### Requirement
Make an exact copy of the entries below and leave any picture out of it.

____________

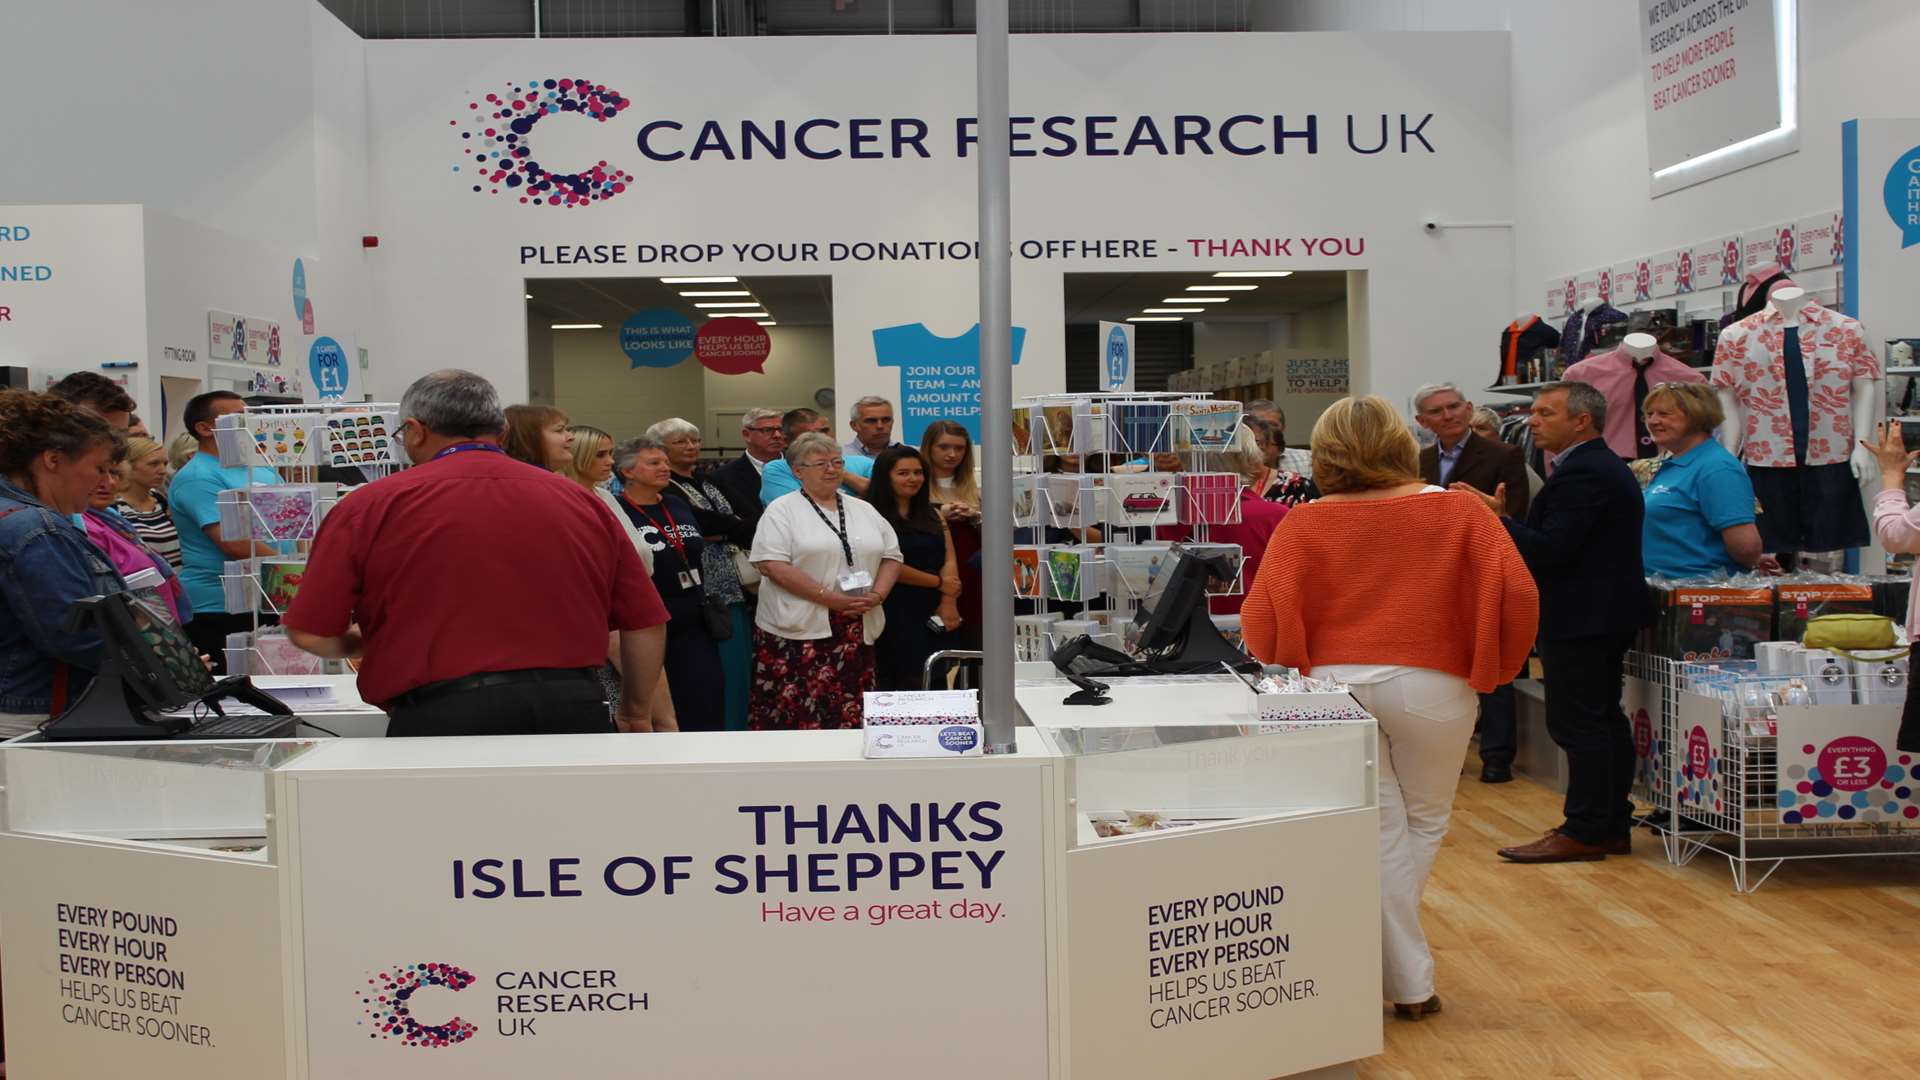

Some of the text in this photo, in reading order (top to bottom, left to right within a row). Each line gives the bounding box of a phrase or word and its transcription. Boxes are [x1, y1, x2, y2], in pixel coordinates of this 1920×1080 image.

[1651, 21, 1685, 54] RESEARCH
[1687, 4, 1717, 36] ACROSS
[1651, 26, 1734, 82] TO HELP MORE PEOPLE
[1653, 58, 1736, 111] BEAT CANCER SOONER
[637, 117, 931, 161] CANCER
[1347, 113, 1435, 154] UK
[1800, 227, 1830, 243] EVERYTHING
[520, 245, 627, 265] PLEASE
[638, 243, 724, 264] DROP
[733, 243, 818, 262] YOUR
[830, 240, 1012, 262] DONATIO
[1187, 238, 1292, 258] THANK
[1301, 237, 1365, 257] YOU
[624, 327, 648, 335] THIS
[662, 326, 691, 334] WHAT
[699, 336, 731, 344] EVERY
[735, 335, 766, 343] HOUR
[624, 340, 693, 350] LOOKS LIKE
[1112, 342, 1124, 356] FOR
[318, 352, 339, 368] FOR
[906, 366, 976, 376] JOIN OUR
[1112, 356, 1124, 380] £1
[320, 367, 344, 391] £1
[906, 379, 945, 390] TEAM
[908, 393, 970, 403] AMOUNT
[908, 407, 940, 416] TIME
[1693, 745, 1705, 765] £3
[1833, 756, 1871, 777] £3
[738, 801, 1004, 846] THANKS
[452, 850, 1006, 899] ISLE OF SHEPPEY
[761, 898, 1006, 926] Have a great day.
[1148, 885, 1284, 926] EVERY POUND
[57, 903, 178, 937] EVERY POUND
[1149, 912, 1273, 952] EVERY HOUR
[58, 928, 168, 962] EVERY HOUR
[1150, 934, 1290, 977] EVERY PERSON
[60, 953, 185, 990] EVERY PERSON
[496, 970, 617, 990] CANCER
[1150, 960, 1286, 1004] HELPS US BEAT
[60, 979, 182, 1016] HELPS US BEAT
[497, 992, 649, 1013] RESEARCH
[1150, 978, 1319, 1029] CANCER SOONER.
[62, 1004, 216, 1048] CANCER SOONER.
[498, 1017, 537, 1037] UK
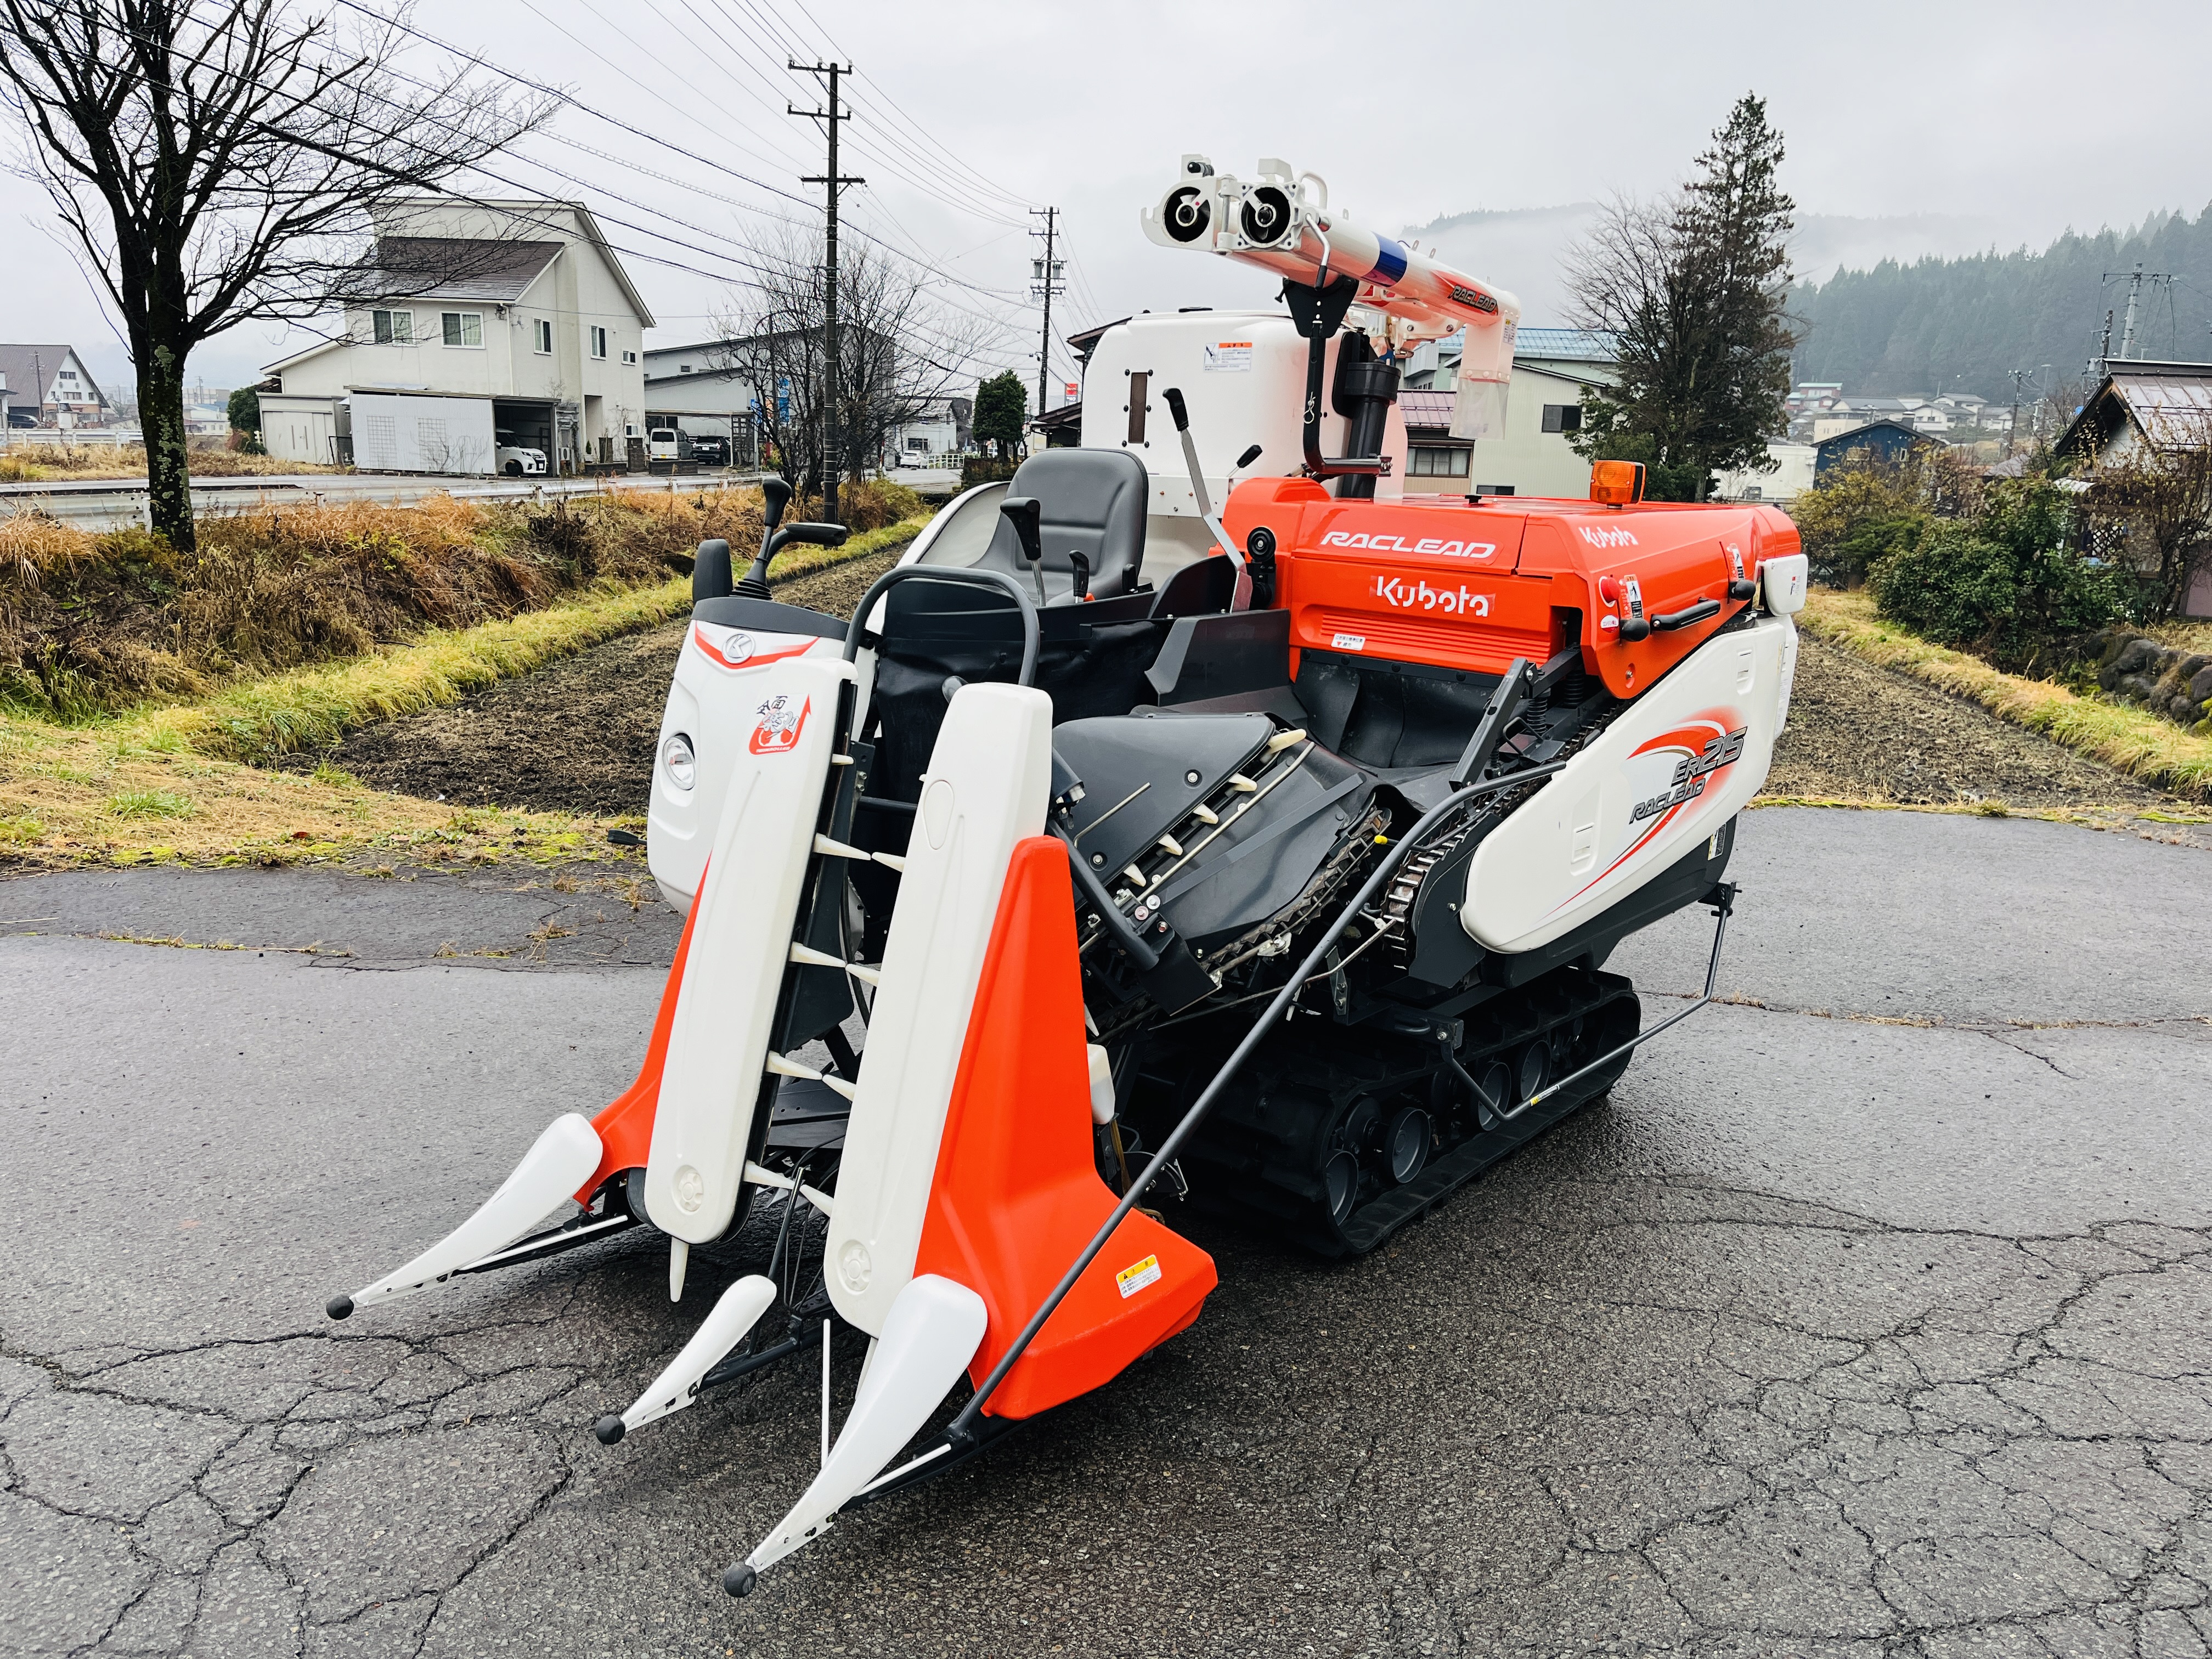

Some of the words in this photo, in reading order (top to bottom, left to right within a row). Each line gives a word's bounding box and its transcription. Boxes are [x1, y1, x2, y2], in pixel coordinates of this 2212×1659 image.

[1447, 284, 1497, 313] RACLEAD
[1320, 531, 1496, 558] RACLEAD
[1578, 526, 1639, 548] Kubota
[1376, 576, 1489, 617] Kubota
[1671, 725, 1748, 787] ER215
[1629, 777, 1706, 825] RACLEAD

____________

### Task response
Some of the text in this photo, in reading order (top to bottom, left to right within a row). Each line gives the bounding box of a phrase or word and its transcription. Boxes are [x1, y1, x2, y2], in pixel coordinates of this 1920×1080 image.

[1651, 21, 1685, 54] RESEARCH
[1687, 4, 1717, 36] ACROSS
[1651, 26, 1734, 82] TO HELP MORE PEOPLE
[1653, 58, 1736, 111] BEAT CANCER SOONER
[637, 117, 931, 161] CANCER
[1347, 113, 1435, 154] UK
[1800, 227, 1830, 243] EVERYTHING
[520, 245, 627, 265] PLEASE
[638, 243, 724, 264] DROP
[733, 243, 818, 262] YOUR
[830, 240, 1012, 262] DONATIO
[1187, 238, 1292, 258] THANK
[1301, 237, 1365, 257] YOU
[624, 327, 648, 335] THIS
[662, 326, 691, 334] WHAT
[699, 336, 731, 344] EVERY
[735, 335, 766, 343] HOUR
[624, 340, 693, 350] LOOKS LIKE
[1112, 342, 1124, 356] FOR
[318, 352, 339, 368] FOR
[906, 366, 976, 376] JOIN OUR
[1112, 356, 1124, 380] £1
[320, 367, 344, 391] £1
[906, 379, 945, 390] TEAM
[908, 393, 970, 403] AMOUNT
[908, 407, 940, 416] TIME
[1693, 745, 1705, 765] £3
[1833, 756, 1871, 777] £3
[738, 801, 1004, 846] THANKS
[452, 850, 1006, 899] ISLE OF SHEPPEY
[761, 898, 1006, 926] Have a great day.
[1148, 885, 1284, 926] EVERY POUND
[57, 903, 178, 937] EVERY POUND
[1149, 912, 1273, 952] EVERY HOUR
[58, 928, 168, 962] EVERY HOUR
[1150, 934, 1290, 977] EVERY PERSON
[60, 953, 185, 990] EVERY PERSON
[496, 970, 617, 990] CANCER
[1150, 960, 1286, 1004] HELPS US BEAT
[60, 979, 182, 1016] HELPS US BEAT
[497, 992, 649, 1013] RESEARCH
[1150, 978, 1319, 1029] CANCER SOONER.
[62, 1004, 216, 1048] CANCER SOONER.
[498, 1017, 537, 1037] UK

Some of the words in this photo, in reading order (top to bottom, left to right within a row). Each line gives a word's bounding box and its transcription. Boxes are [x1, y1, x2, y2], in pixel coordinates of this 2212×1659 image.

[1447, 284, 1497, 313] RACLEAD
[1320, 531, 1496, 558] RACLEAD
[1578, 526, 1639, 548] Kubota
[1376, 576, 1489, 617] Kubota
[1671, 725, 1748, 787] ER215
[1629, 777, 1706, 825] RACLEAD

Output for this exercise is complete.